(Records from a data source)
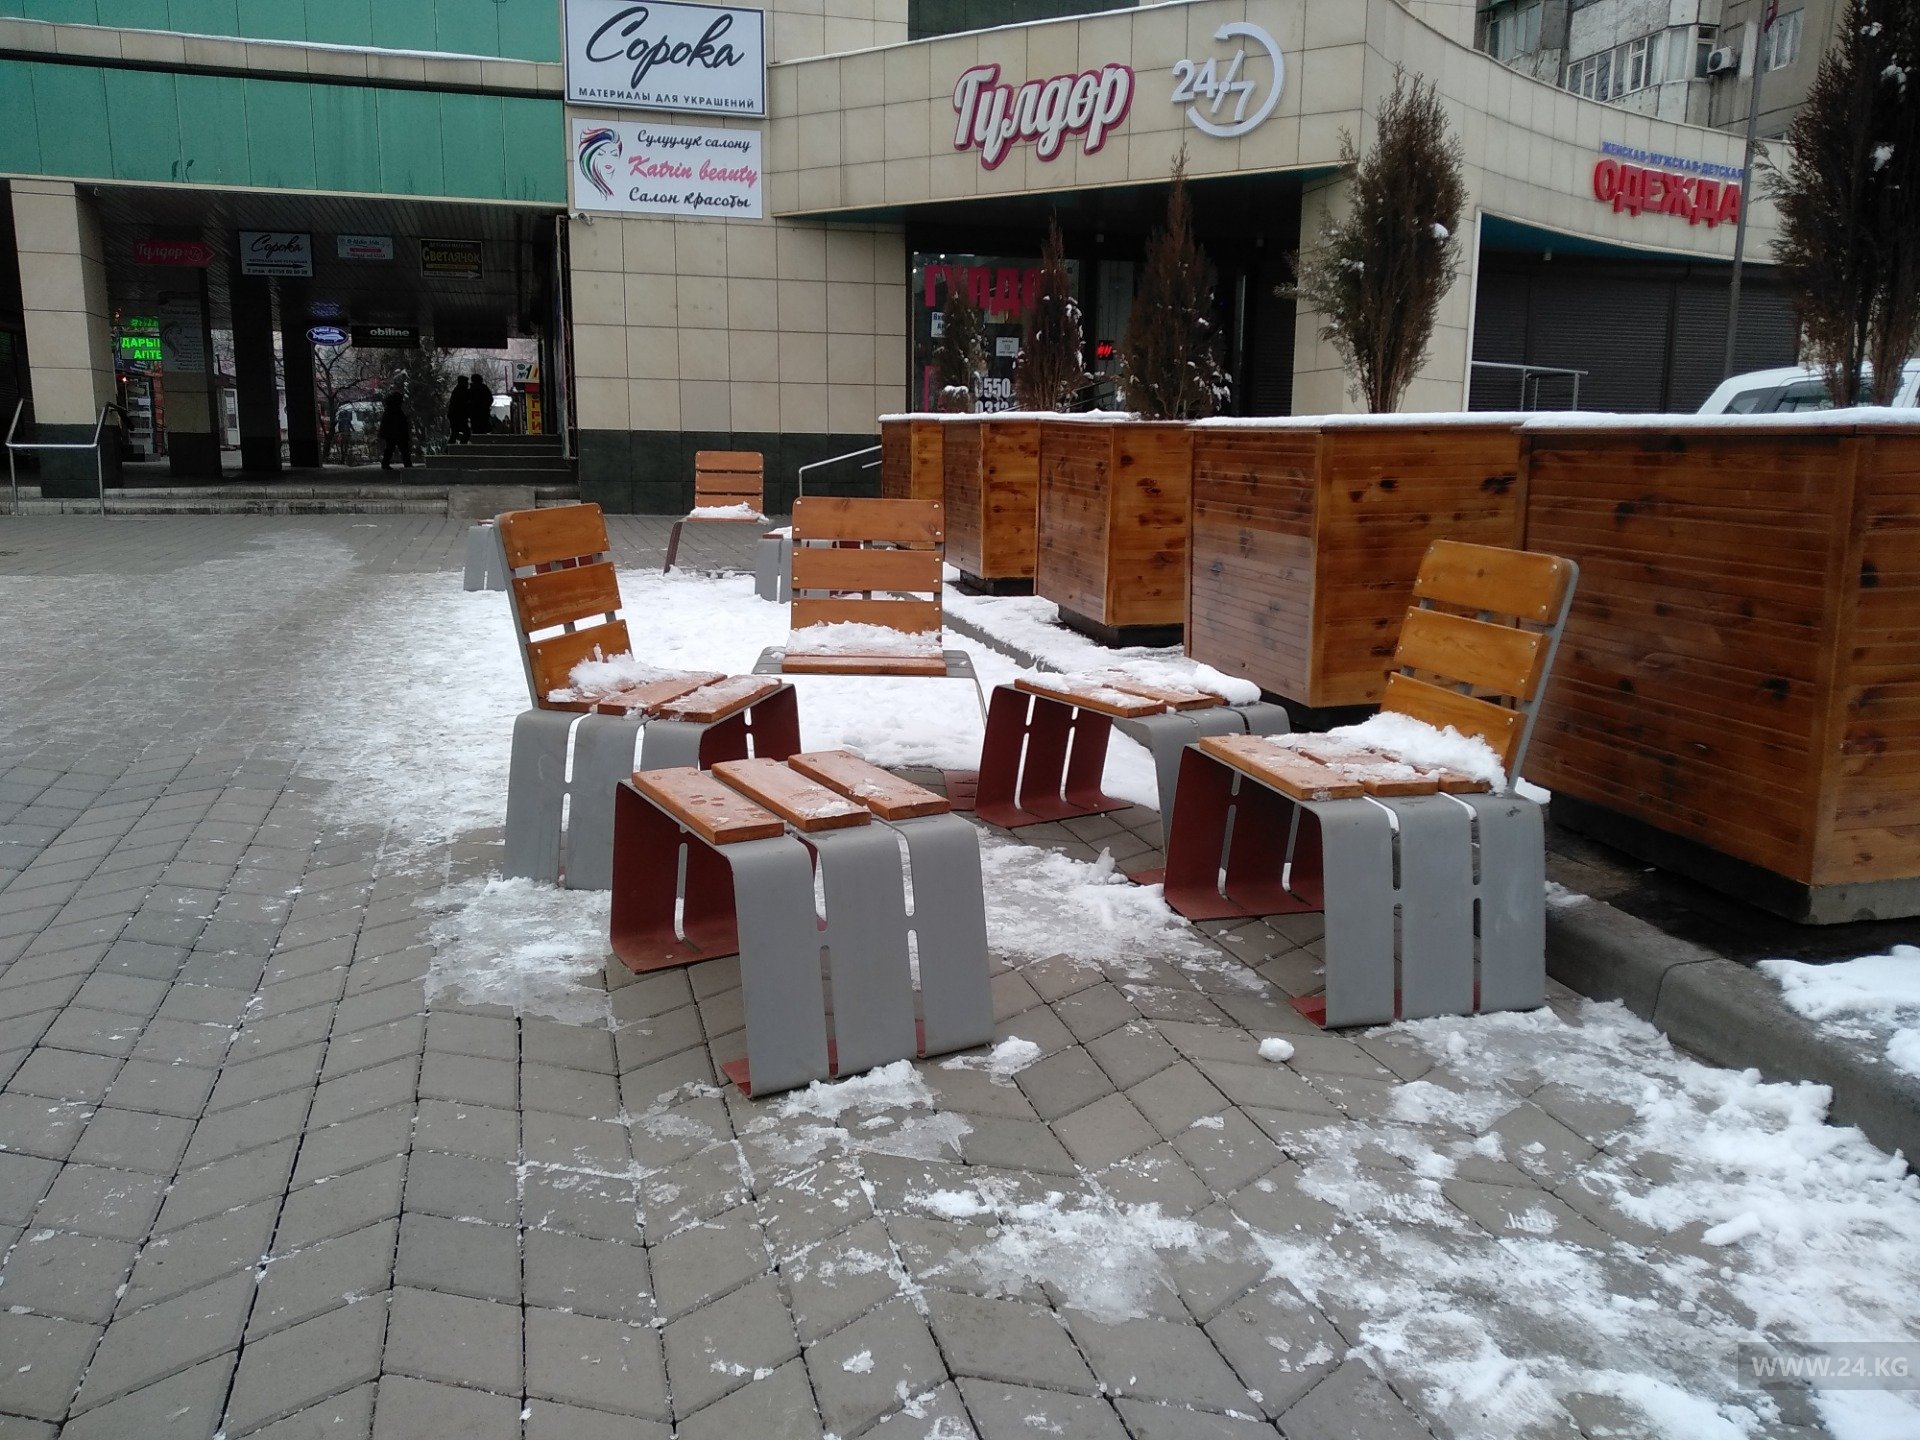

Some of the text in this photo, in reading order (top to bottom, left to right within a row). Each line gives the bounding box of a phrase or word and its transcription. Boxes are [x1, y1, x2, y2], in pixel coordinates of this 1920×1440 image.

[586, 6, 745, 89] Сорока
[578, 87, 754, 109] МАТЕРИАЛЫ ДЛЯ УКРАШЕНИЙ
[637, 130, 751, 152] Сулуулук салону
[628, 155, 757, 188] Katrin beauty
[629, 187, 751, 209] Салон красоты
[1594, 159, 1742, 228] ОДЕЖДА
[251, 234, 303, 259] Сорока
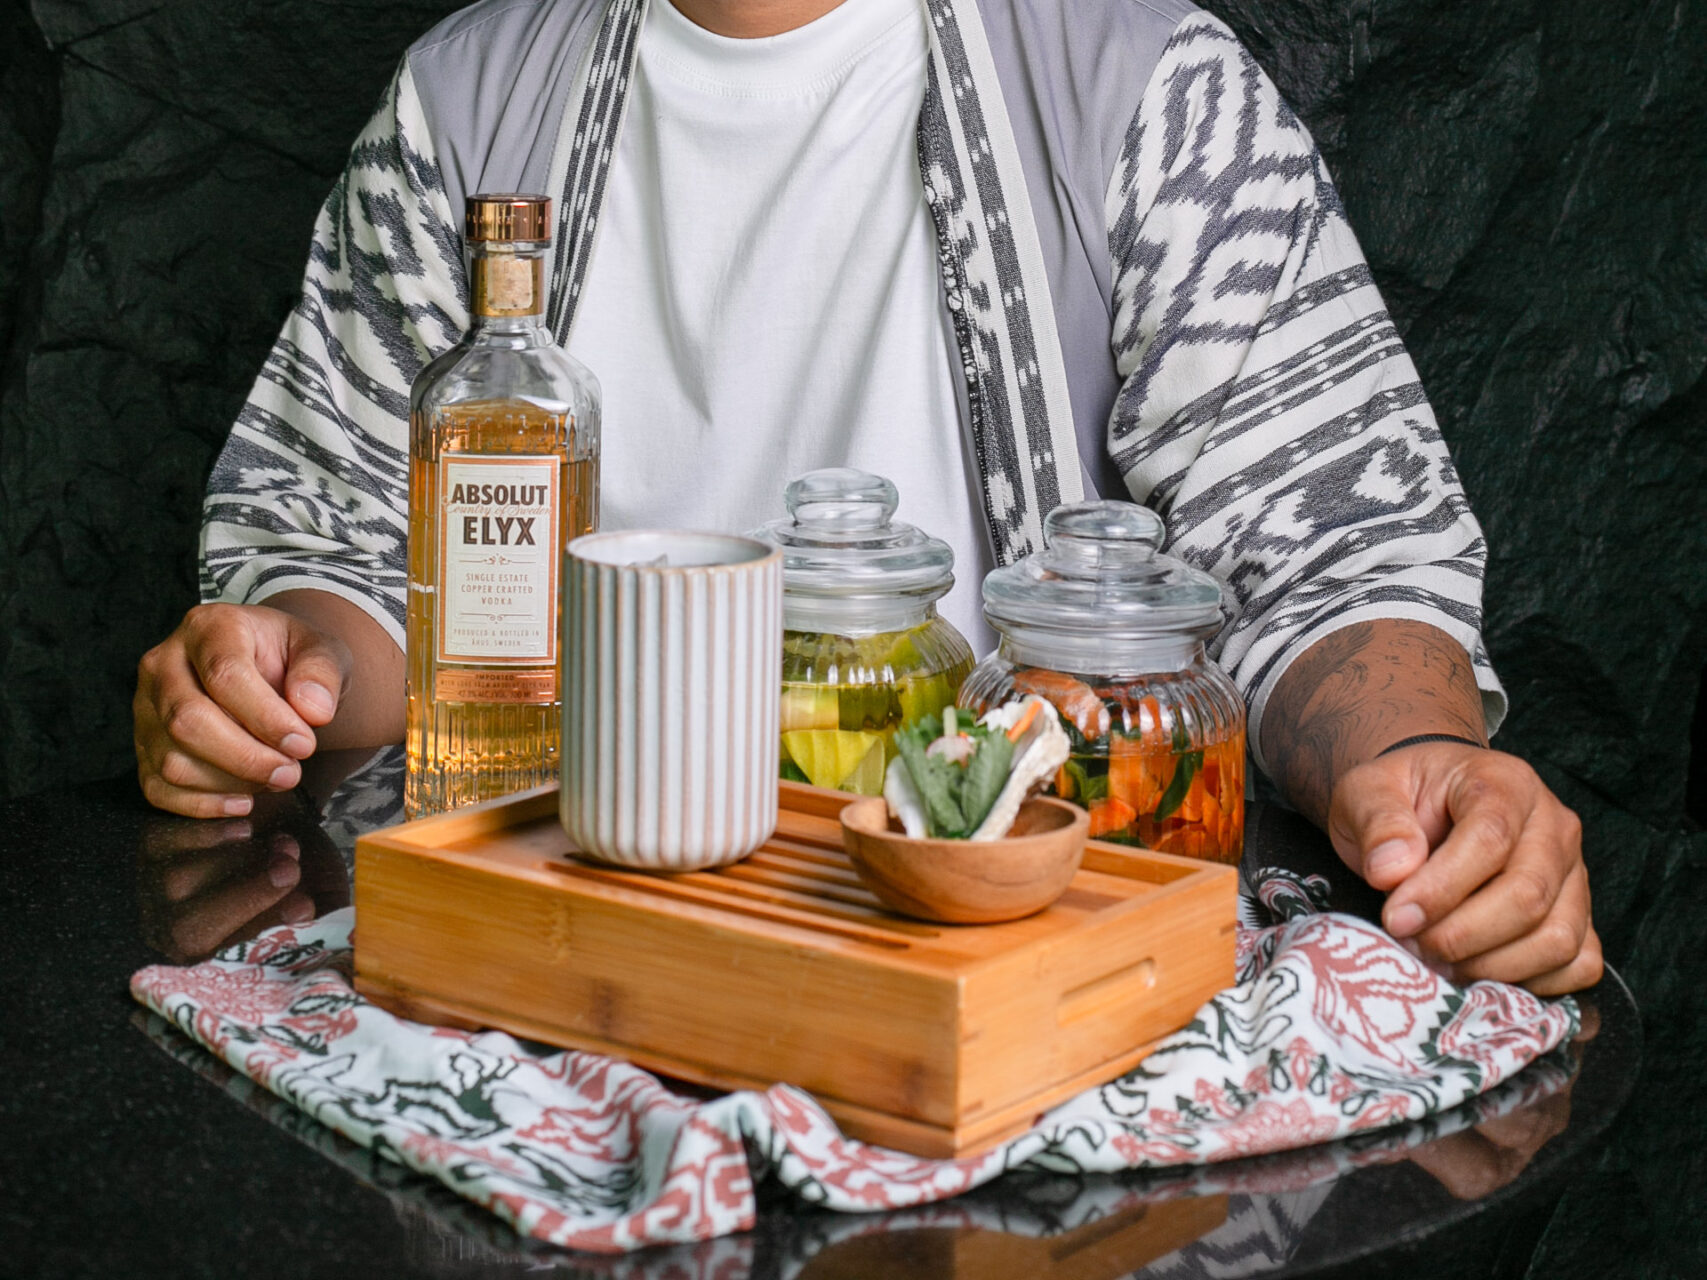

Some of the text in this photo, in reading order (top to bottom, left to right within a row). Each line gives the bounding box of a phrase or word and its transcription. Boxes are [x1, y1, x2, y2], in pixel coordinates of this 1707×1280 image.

Task description » A faithful copy of the records above, without images, is what to give back.

Result »
Some of the text in this photo, in reading order (top to bottom, left to right within a row). Each line gives the bounding box of a phrase or word and its transcription. Boxes are [x1, y1, x2, y2], in pixel coordinates of this 1920×1440 image.

[586, 6, 745, 89] Сорока
[578, 87, 754, 109] МАТЕРИАЛЫ ДЛЯ УКРАШЕНИЙ
[637, 130, 751, 152] Сулуулук салону
[628, 155, 757, 188] Katrin beauty
[629, 187, 751, 209] Салон красоты
[1594, 159, 1742, 228] ОДЕЖДА
[251, 234, 303, 259] Сорока

Some of the text in this photo, in reading order (top to bottom, left to right within a row). Each line gives the bounding box of a phrase or word and its transcription. Boxes are [x1, y1, x2, y2], in pixel coordinates of this 1707×1280 image.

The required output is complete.